15. The respiratory surfaces of the lungs are not external contact surfaces of the body.
16. Claimant became incapacitated on 5 January 1963 from earning the wages he was receiving at the time thereof in the same or any other employment because of severe fixed small and large airways obstructive and restrictive ven- *317 tilatory impairment. This incapacity to earn wages results from permanent injury to the lungs.
17. Claimant’s average weekly wages were $60.21.
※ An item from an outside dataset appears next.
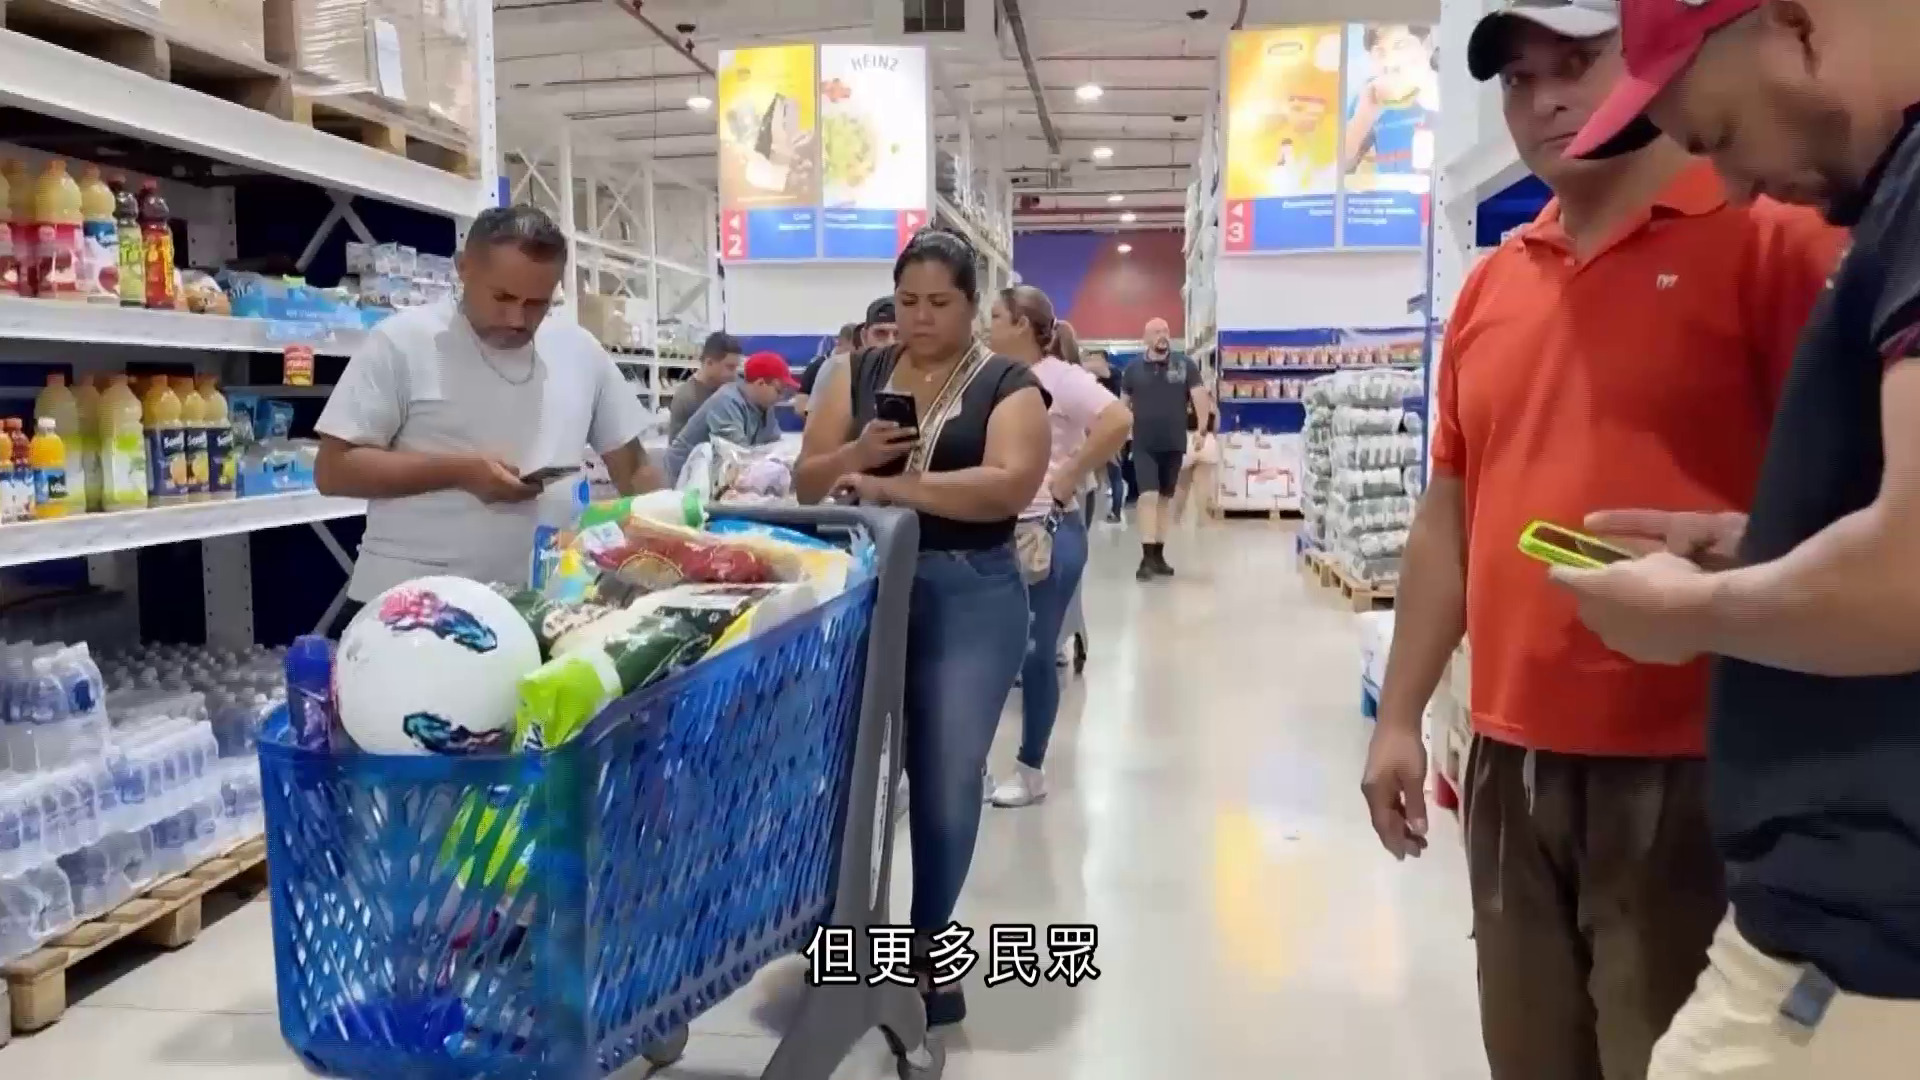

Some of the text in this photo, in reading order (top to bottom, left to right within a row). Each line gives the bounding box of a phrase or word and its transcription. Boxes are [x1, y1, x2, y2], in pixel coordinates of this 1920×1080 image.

Deputy Commissioner Roney then concluded as a matter of law that the Workers’ Compensation Act as it existed on 5 January 1963, the date of plaintiff’s disability, did not provide for payment of compensation for disability occasioned by byssinosis. He concluded as a matter of law that the respiratory surfaces of the lungs were not external contact surfaces of the body but that the lungs were essential internal organs of respiration and, thus, plaintiff’s disease was not an occupational disease as that term was defined by G.S. 97-53(13) in 1963. Implicit in his conclusion was his belief that the 1963 version of the Act embraced coverage for infection or inflammation of only external bodily surfaces as a result of irritants in the workplace. Nonetheless, the Commissioner then concluded that plaintiff was entitled to compensation for permanent injury to important organs of the body occasioned by byssinosis that might reasonably be presumed to have caused the diminution of his future earning capacity, and awarded plaintiff $7,000, citing Chapter 1305 of the 1979 North Carolina Session Laws. 2

Both plaintiff and defendants appealed to the full Commission. The Commission found the facts to be the same as those *318 found by the deputy commissioner and concluded, as did Deputy Commissioner Roney, that the lungs are not “external contact surfaces” and that plaintiff was not entitled to compensation under G.S. 97-53(13) as it existed on the date he became permanently disabled. The Commission, however, did not agree that plaintiff’s diminution of future earning capacity was made com-pensable by Chapter 1305 of the 1979 Session Laws and denied his claim in toto. Commissioner Vance dissented.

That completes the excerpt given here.